■ Exercise requirements:
Through to the final line, write out the records below exactly, omitting any images they contain.

(Records from a dataset)

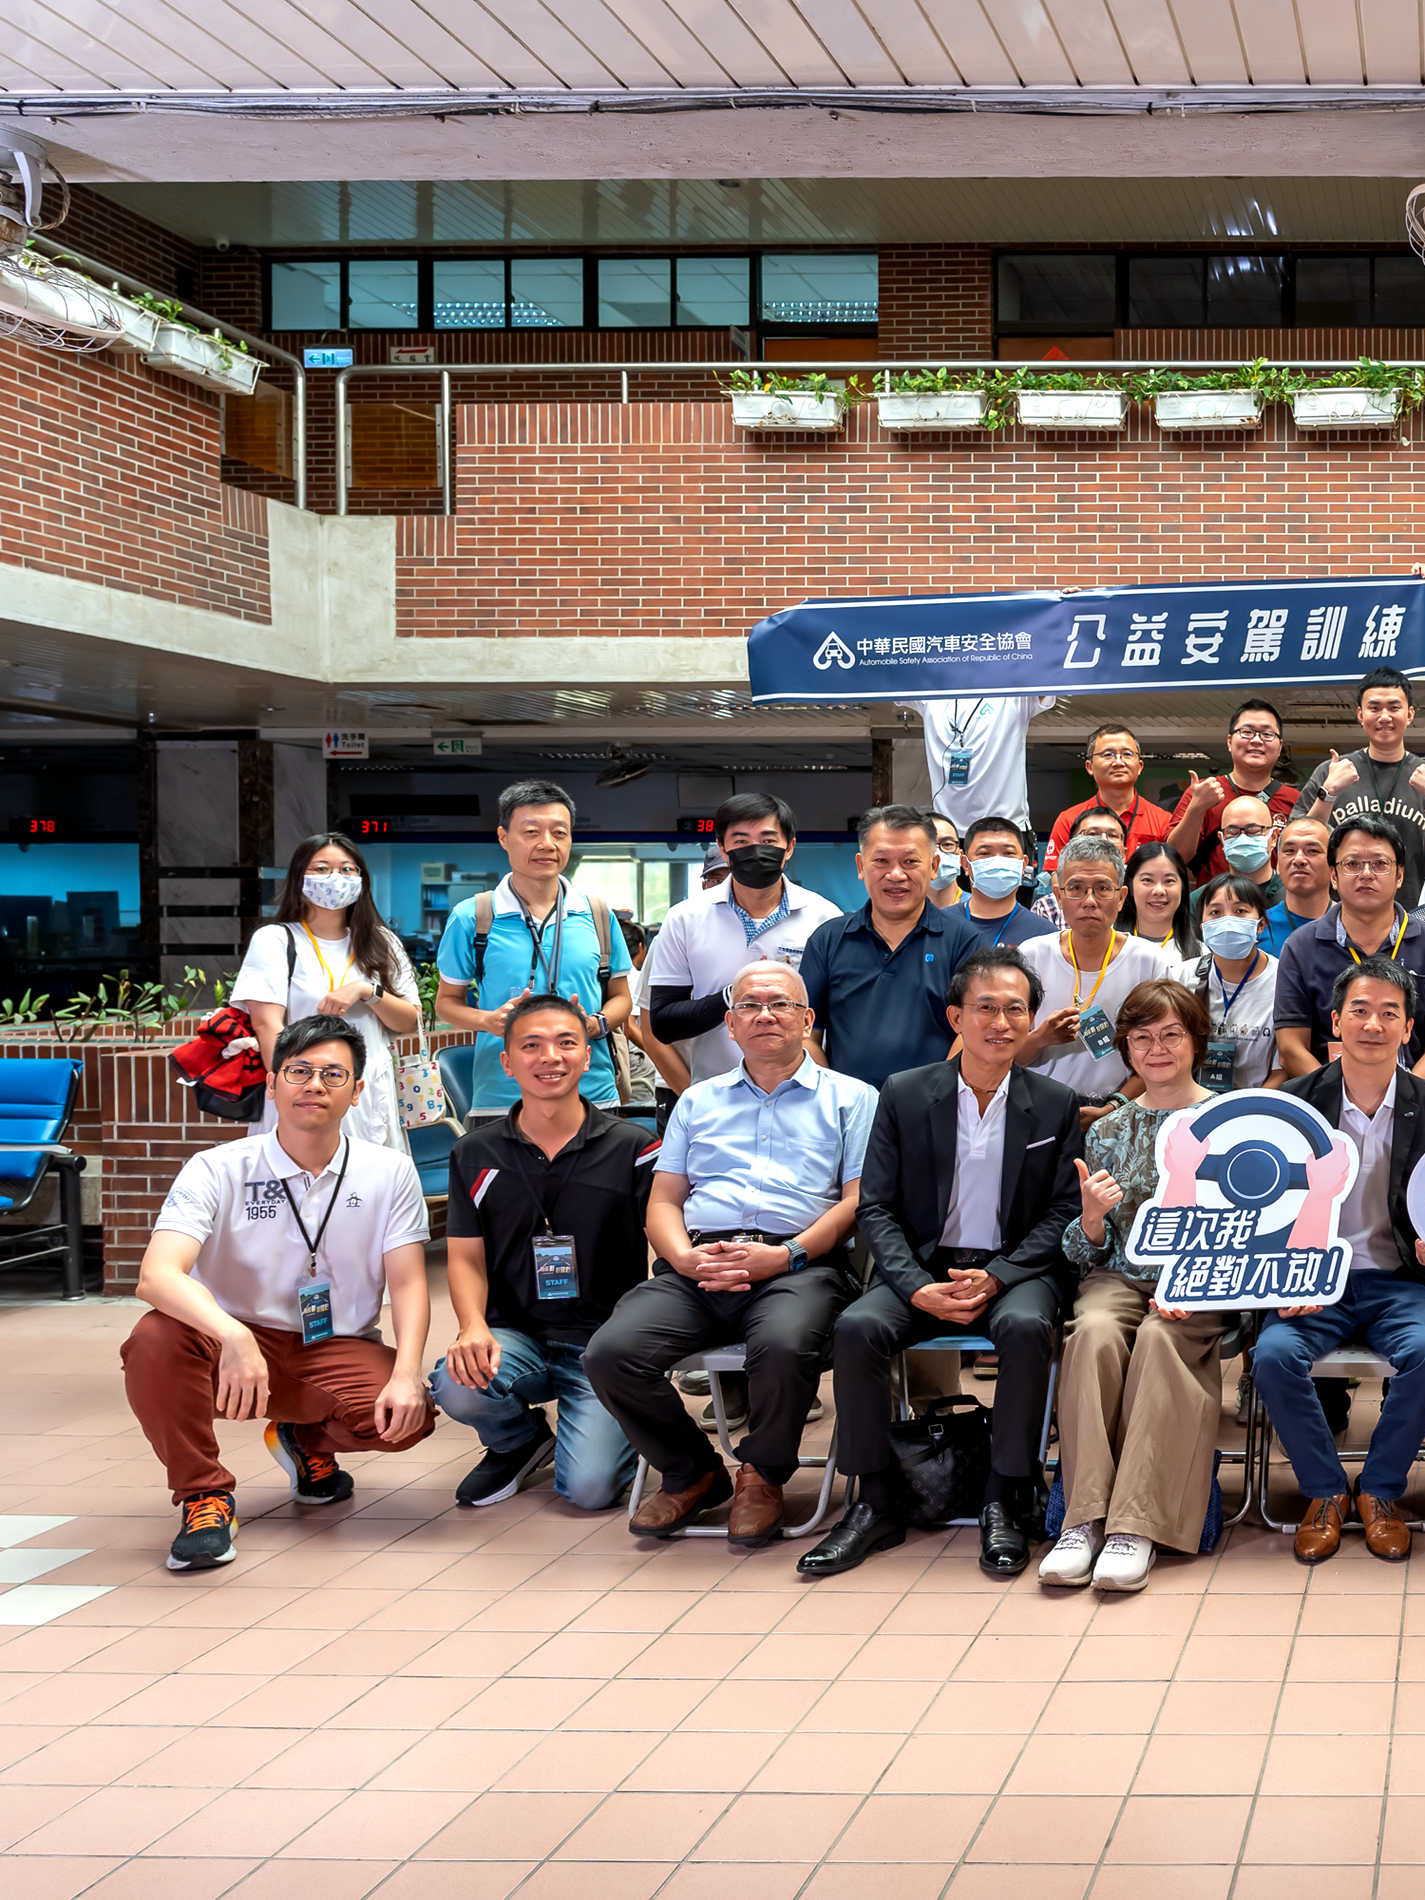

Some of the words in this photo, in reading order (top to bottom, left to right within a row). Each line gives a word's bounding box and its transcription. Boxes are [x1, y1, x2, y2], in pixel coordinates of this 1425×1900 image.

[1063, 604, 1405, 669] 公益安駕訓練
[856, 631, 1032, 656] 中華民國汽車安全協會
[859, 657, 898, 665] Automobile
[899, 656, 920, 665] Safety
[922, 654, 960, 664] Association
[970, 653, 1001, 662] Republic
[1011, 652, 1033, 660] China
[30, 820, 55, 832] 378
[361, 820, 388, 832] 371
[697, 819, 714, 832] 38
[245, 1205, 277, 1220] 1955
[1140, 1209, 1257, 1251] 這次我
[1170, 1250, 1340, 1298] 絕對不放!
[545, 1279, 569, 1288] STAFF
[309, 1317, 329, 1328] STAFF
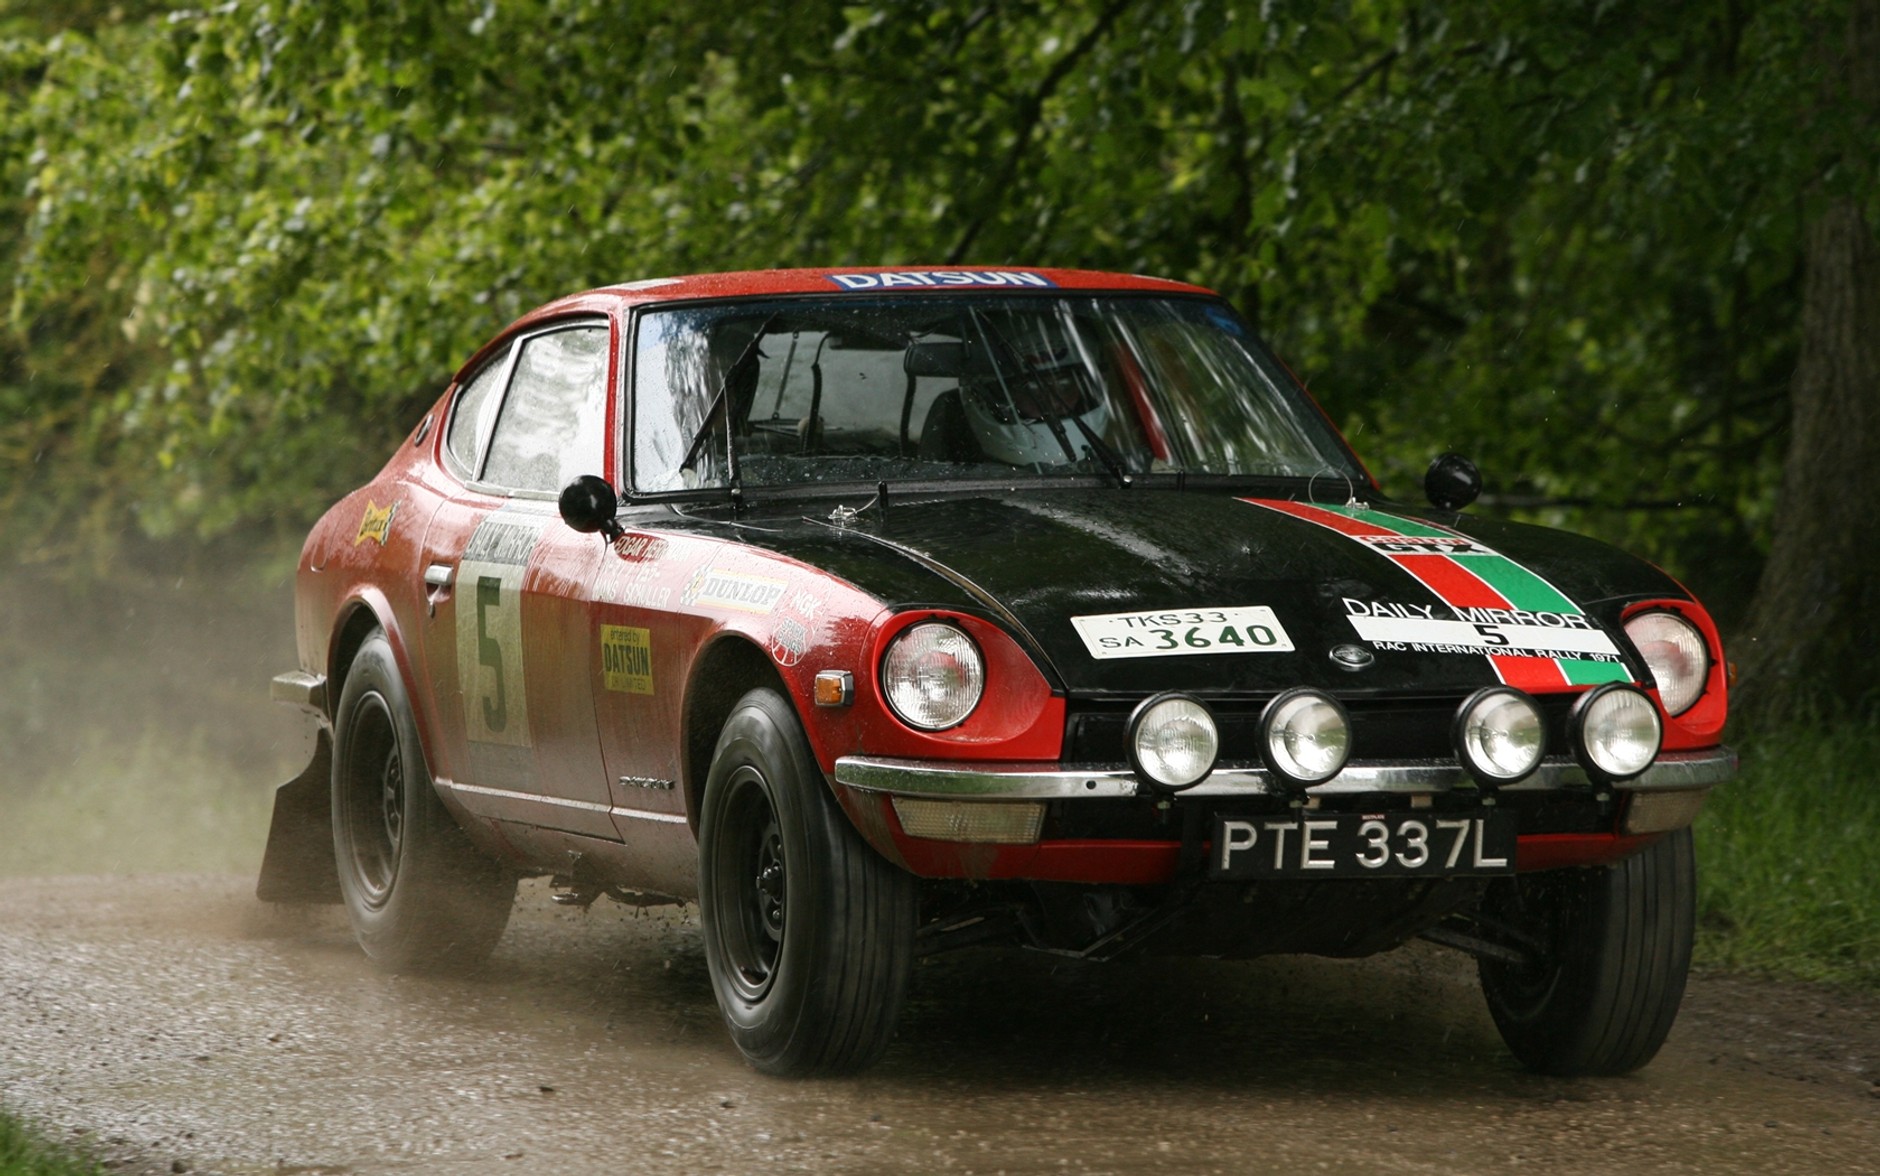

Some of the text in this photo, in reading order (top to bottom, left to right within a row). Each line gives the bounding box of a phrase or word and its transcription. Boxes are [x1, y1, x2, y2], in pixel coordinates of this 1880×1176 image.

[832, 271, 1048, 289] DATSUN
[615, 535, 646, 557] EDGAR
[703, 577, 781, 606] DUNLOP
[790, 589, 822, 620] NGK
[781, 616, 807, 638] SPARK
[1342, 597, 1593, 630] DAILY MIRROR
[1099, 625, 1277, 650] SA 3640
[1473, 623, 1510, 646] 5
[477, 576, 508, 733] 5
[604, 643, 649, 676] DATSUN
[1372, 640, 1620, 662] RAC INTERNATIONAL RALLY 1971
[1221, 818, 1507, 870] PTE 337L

■ Response:
Some of the words in this photo, in reading order (top to bottom, left to right within a row). Each line gives a word's bounding box and its transcription. Boxes are [x1, y1, x2, y2], in pixel coordinates of this 1425×1900 image.

[1063, 604, 1405, 669] 公益安駕訓練
[856, 631, 1032, 656] 中華民國汽車安全協會
[859, 657, 898, 665] Automobile
[899, 656, 920, 665] Safety
[922, 654, 960, 664] Association
[970, 653, 1001, 662] Republic
[1011, 652, 1033, 660] China
[30, 820, 55, 832] 378
[361, 820, 388, 832] 371
[697, 819, 714, 832] 38
[245, 1205, 277, 1220] 1955
[1140, 1209, 1257, 1251] 這次我
[1170, 1250, 1340, 1298] 絕對不放!
[545, 1279, 569, 1288] STAFF
[309, 1317, 329, 1328] STAFF

Some of the text in this photo, in reading order (top to bottom, left to right within a row). Each line gives the bounding box of a phrase or word and its transcription. Boxes are [x1, y1, x2, y2], in pixel coordinates of this 1880×1176 image.

[832, 271, 1048, 289] DATSUN
[615, 535, 646, 557] EDGAR
[703, 577, 781, 606] DUNLOP
[790, 589, 822, 620] NGK
[781, 616, 807, 638] SPARK
[1342, 597, 1593, 630] DAILY MIRROR
[1099, 625, 1277, 650] SA 3640
[1473, 623, 1510, 646] 5
[477, 576, 508, 733] 5
[604, 643, 649, 676] DATSUN
[1372, 640, 1620, 662] RAC INTERNATIONAL RALLY 1971
[1221, 818, 1507, 870] PTE 337L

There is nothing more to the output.